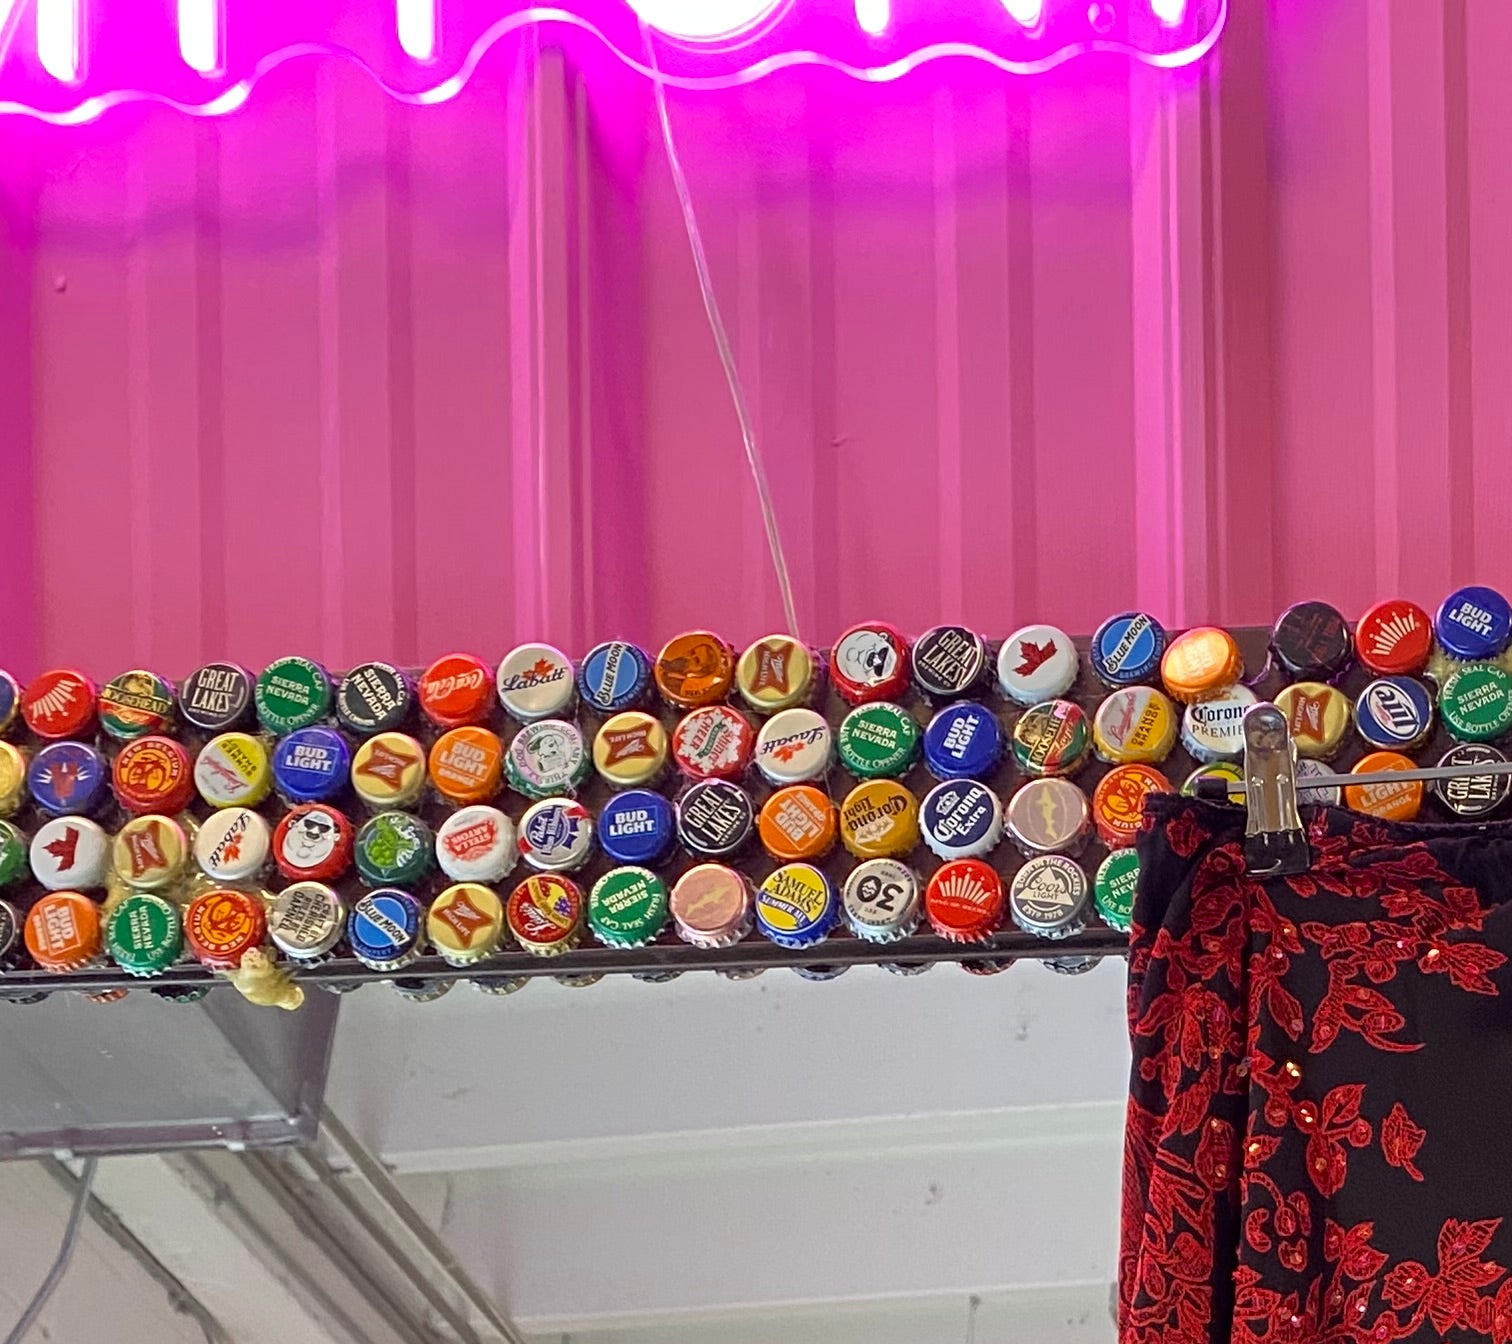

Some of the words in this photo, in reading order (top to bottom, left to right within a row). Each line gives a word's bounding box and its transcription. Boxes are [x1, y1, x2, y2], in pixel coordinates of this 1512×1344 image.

[1449, 609, 1492, 637] LIGHT
[1460, 602, 1493, 623] BUD
[938, 629, 977, 667] GREAT
[1106, 643, 1128, 673] BLUE
[1126, 615, 1148, 645] MOON
[597, 671, 615, 703] BLUE
[608, 644, 623, 674] MOON
[922, 645, 966, 683] LAKES
[1462, 665, 1484, 675] SEAL
[1487, 665, 1506, 680] CAP
[198, 668, 240, 693] GREAT
[270, 676, 310, 694] SIERRA
[363, 668, 397, 711] SIERRA
[501, 667, 567, 692] Labatt
[191, 687, 233, 713] LAKES
[266, 685, 309, 706] NEVADA
[351, 673, 388, 721] NEVADA
[1457, 682, 1498, 704] SIERRA
[1459, 690, 1505, 715] NEVADA
[257, 702, 286, 725] BOTTLE
[1450, 711, 1463, 729] USE
[1465, 722, 1499, 733] BOTTLE
[690, 716, 713, 750] CHEER
[760, 725, 827, 755] Labatt
[852, 728, 896, 749] NEVADA
[858, 719, 898, 738] SIERRA
[943, 717, 966, 751] BUD
[951, 714, 980, 759] LIGHT
[121, 742, 143, 766] NEW
[146, 741, 180, 778] BELGIUM
[285, 755, 333, 772] LIGHT
[294, 745, 328, 760] BUD
[440, 752, 488, 775] LIGHT
[452, 742, 486, 761] BUD
[842, 743, 871, 767] BOTTLE
[614, 810, 648, 824] BUD
[684, 786, 724, 829] GREAT
[778, 800, 820, 839] LIGHT
[844, 795, 874, 820] Light
[848, 794, 908, 832] Corona
[933, 786, 986, 842] Corona
[956, 805, 987, 836] Extra
[450, 824, 488, 844] ARTOIS
[530, 816, 547, 844] Pabst
[609, 820, 655, 837] LIGHT
[701, 800, 742, 842] LAKES
[775, 811, 805, 842] BUD
[209, 811, 251, 871] Labatt
[454, 832, 492, 851] STELLA
[772, 870, 824, 905] SAMUEL
[1027, 877, 1068, 895] Coors
[1062, 861, 1080, 896] ROCKIES
[601, 880, 647, 906] NEVADA
[608, 890, 648, 914] SIERRA
[760, 893, 795, 916] SUMMER
[772, 884, 814, 913] ADAMS
[1033, 891, 1059, 901] LIGHT
[44, 904, 65, 951] LIGHT
[58, 905, 75, 940] BUD
[129, 909, 143, 951] SIERRA
[138, 904, 154, 950] NEVADA
[192, 904, 217, 951] BELGIUM
[357, 898, 382, 924] BLUE
[378, 917, 406, 945] MOON
[600, 916, 619, 930] CAP
[622, 917, 644, 930] SEAL
[220, 935, 244, 951] NEW
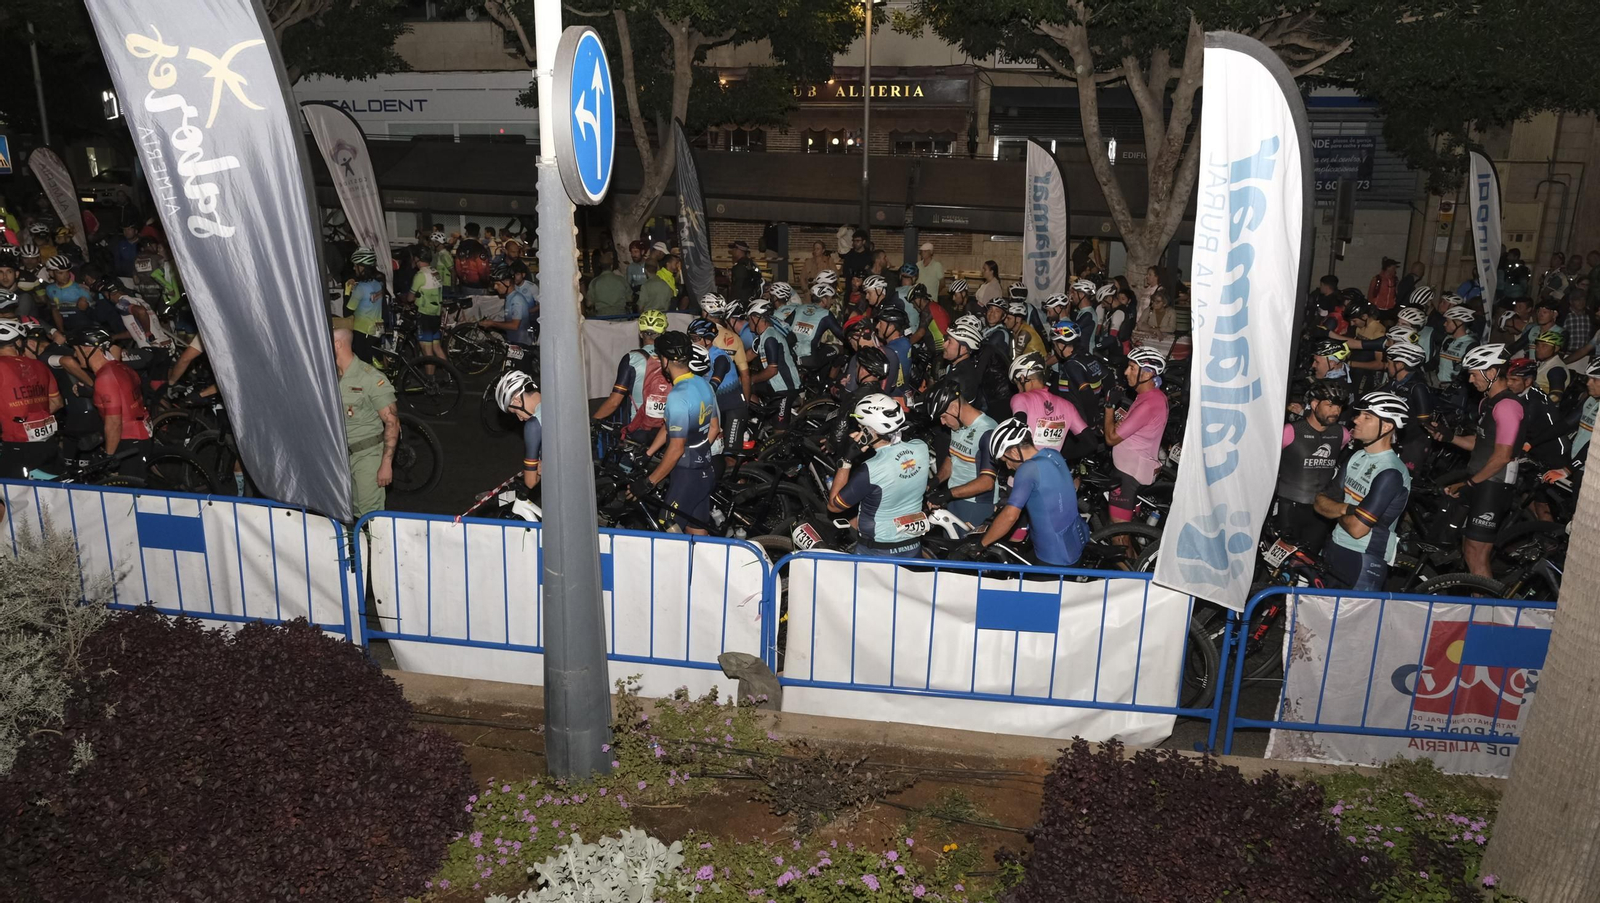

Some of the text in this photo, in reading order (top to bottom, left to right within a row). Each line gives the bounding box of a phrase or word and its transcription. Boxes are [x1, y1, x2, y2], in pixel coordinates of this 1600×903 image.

[793, 85, 817, 98] UB
[1311, 139, 1330, 149] NDE
[1043, 428, 1063, 439] 6142
[904, 520, 926, 533] 7379
[795, 528, 814, 550] 7379

WORK TO COMPLETE
Keep the pictures out and transcribe the entries exactly.

RESPONSE FOR THIS EXERCISE
Some of the words in this photo, in reading order (top to bottom, left to right within a row). Each line gives a word's bounding box and its transcription. Boxes are [x1, y1, x2, y2], in pixel coordinates of this 1512×1344 image.

[1449, 609, 1492, 637] LIGHT
[1460, 602, 1493, 623] BUD
[938, 629, 977, 667] GREAT
[1106, 643, 1128, 673] BLUE
[1126, 615, 1148, 645] MOON
[597, 671, 615, 703] BLUE
[608, 644, 623, 674] MOON
[922, 645, 966, 683] LAKES
[1462, 665, 1484, 675] SEAL
[1487, 665, 1506, 680] CAP
[198, 668, 240, 693] GREAT
[270, 676, 310, 694] SIERRA
[363, 668, 397, 711] SIERRA
[501, 667, 567, 692] Labatt
[191, 687, 233, 713] LAKES
[266, 685, 309, 706] NEVADA
[351, 673, 388, 721] NEVADA
[1457, 682, 1498, 704] SIERRA
[1459, 690, 1505, 715] NEVADA
[257, 702, 286, 725] BOTTLE
[1450, 711, 1463, 729] USE
[1465, 722, 1499, 733] BOTTLE
[690, 716, 713, 750] CHEER
[760, 725, 827, 755] Labatt
[852, 728, 896, 749] NEVADA
[858, 719, 898, 738] SIERRA
[943, 717, 966, 751] BUD
[951, 714, 980, 759] LIGHT
[121, 742, 143, 766] NEW
[146, 741, 180, 778] BELGIUM
[285, 755, 333, 772] LIGHT
[294, 745, 328, 760] BUD
[440, 752, 488, 775] LIGHT
[452, 742, 486, 761] BUD
[842, 743, 871, 767] BOTTLE
[614, 810, 648, 824] BUD
[684, 786, 724, 829] GREAT
[778, 800, 820, 839] LIGHT
[844, 795, 874, 820] Light
[848, 794, 908, 832] Corona
[933, 786, 986, 842] Corona
[956, 805, 987, 836] Extra
[450, 824, 488, 844] ARTOIS
[530, 816, 547, 844] Pabst
[609, 820, 655, 837] LIGHT
[701, 800, 742, 842] LAKES
[775, 811, 805, 842] BUD
[209, 811, 251, 871] Labatt
[454, 832, 492, 851] STELLA
[772, 870, 824, 905] SAMUEL
[1027, 877, 1068, 895] Coors
[1062, 861, 1080, 896] ROCKIES
[601, 880, 647, 906] NEVADA
[608, 890, 648, 914] SIERRA
[760, 893, 795, 916] SUMMER
[772, 884, 814, 913] ADAMS
[1033, 891, 1059, 901] LIGHT
[44, 904, 65, 951] LIGHT
[58, 905, 75, 940] BUD
[129, 909, 143, 951] SIERRA
[138, 904, 154, 950] NEVADA
[192, 904, 217, 951] BELGIUM
[357, 898, 382, 924] BLUE
[378, 917, 406, 945] MOON
[600, 916, 619, 930] CAP
[622, 917, 644, 930] SEAL
[220, 935, 244, 951] NEW

Some of the text in this photo, in reading order (top to bottom, left to right within a row). Each line gives the bounding box of a phrase or word and its transcription. Boxes are [x1, y1, x2, y2], in pixel coordinates of this 1600×903 image.

[793, 85, 817, 98] UB
[1311, 139, 1330, 149] NDE
[1043, 428, 1063, 439] 6142
[904, 520, 926, 533] 7379
[795, 528, 814, 550] 7379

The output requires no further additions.